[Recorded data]
____________________
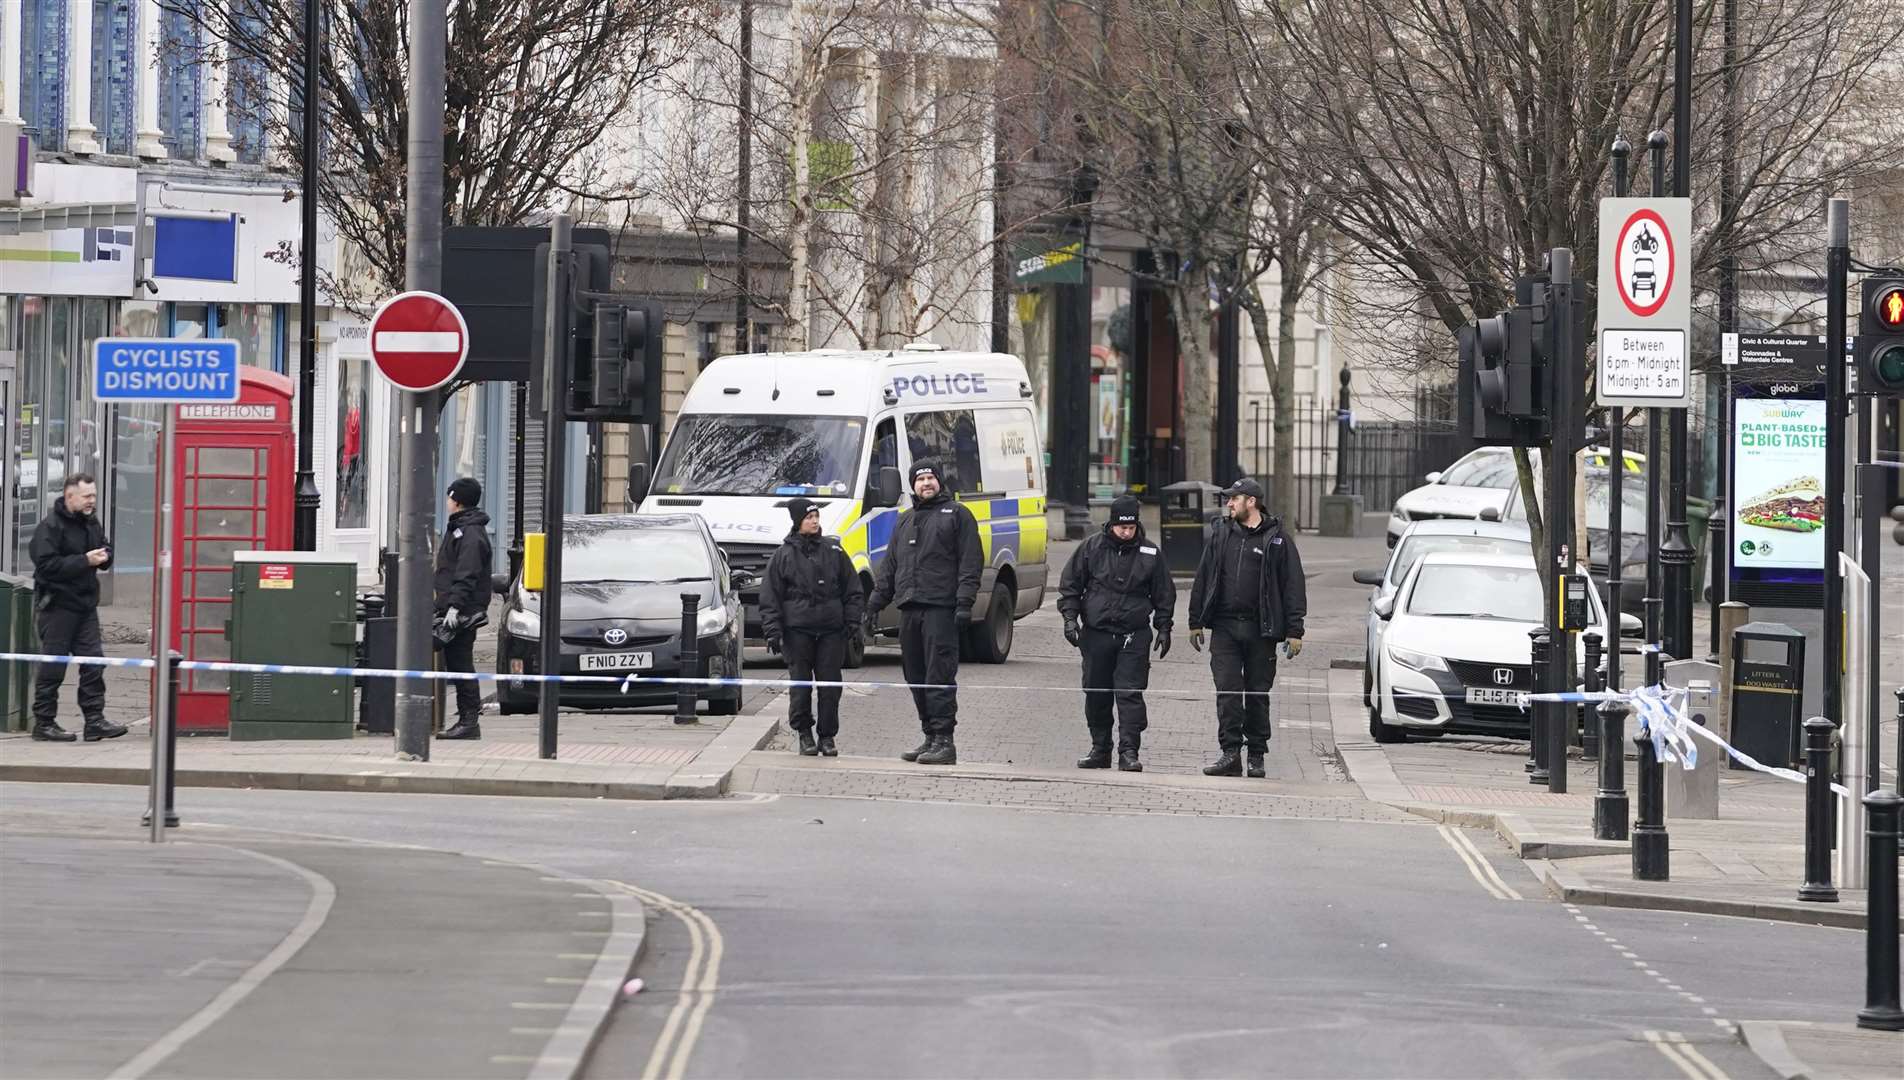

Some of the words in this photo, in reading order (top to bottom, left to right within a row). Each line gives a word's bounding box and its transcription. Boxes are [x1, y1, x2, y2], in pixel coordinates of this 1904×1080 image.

[346, 326, 369, 339] APPOINTMEN
[1623, 338, 1664, 351] Between
[1762, 338, 1785, 346] Cultural
[112, 349, 221, 368] CYCLISTS
[1637, 356, 1680, 372] Midnight
[104, 371, 230, 391] DISMOUNT
[893, 373, 987, 397] POLICE
[1607, 374, 1649, 389] Midnight
[1770, 383, 1799, 396] global
[186, 405, 272, 418] TELEPHONE
[1763, 410, 1805, 418] SUBWAY
[1741, 423, 1818, 433] PLANT-BASED
[1757, 433, 1782, 448] BIG
[1784, 434, 1826, 449] TASTE
[711, 523, 773, 533] LICE
[587, 655, 616, 668] FN10
[619, 654, 645, 667] ZZY
[1474, 689, 1503, 703] FL15
____________________
Required action: The entries are to be written out again exactly, though without any images.

Task solution:
Some of the words in this photo, in reading order (top to bottom, left to right within a row). Each line gives a word's bounding box and its transcription. Boxes are [x1, y1, x2, y2], in pixel coordinates of this 1904×1080 image.

[346, 326, 369, 339] APPOINTMEN
[1623, 338, 1664, 351] Between
[1762, 338, 1785, 346] Cultural
[112, 349, 221, 368] CYCLISTS
[1637, 356, 1680, 372] Midnight
[104, 371, 230, 391] DISMOUNT
[893, 373, 987, 397] POLICE
[1607, 374, 1649, 389] Midnight
[1770, 383, 1799, 396] global
[186, 405, 272, 418] TELEPHONE
[1763, 410, 1805, 418] SUBWAY
[1741, 423, 1818, 433] PLANT-BASED
[1757, 433, 1782, 448] BIG
[1784, 434, 1826, 449] TASTE
[711, 523, 773, 533] LICE
[587, 655, 616, 668] FN10
[619, 654, 645, 667] ZZY
[1474, 689, 1503, 703] FL15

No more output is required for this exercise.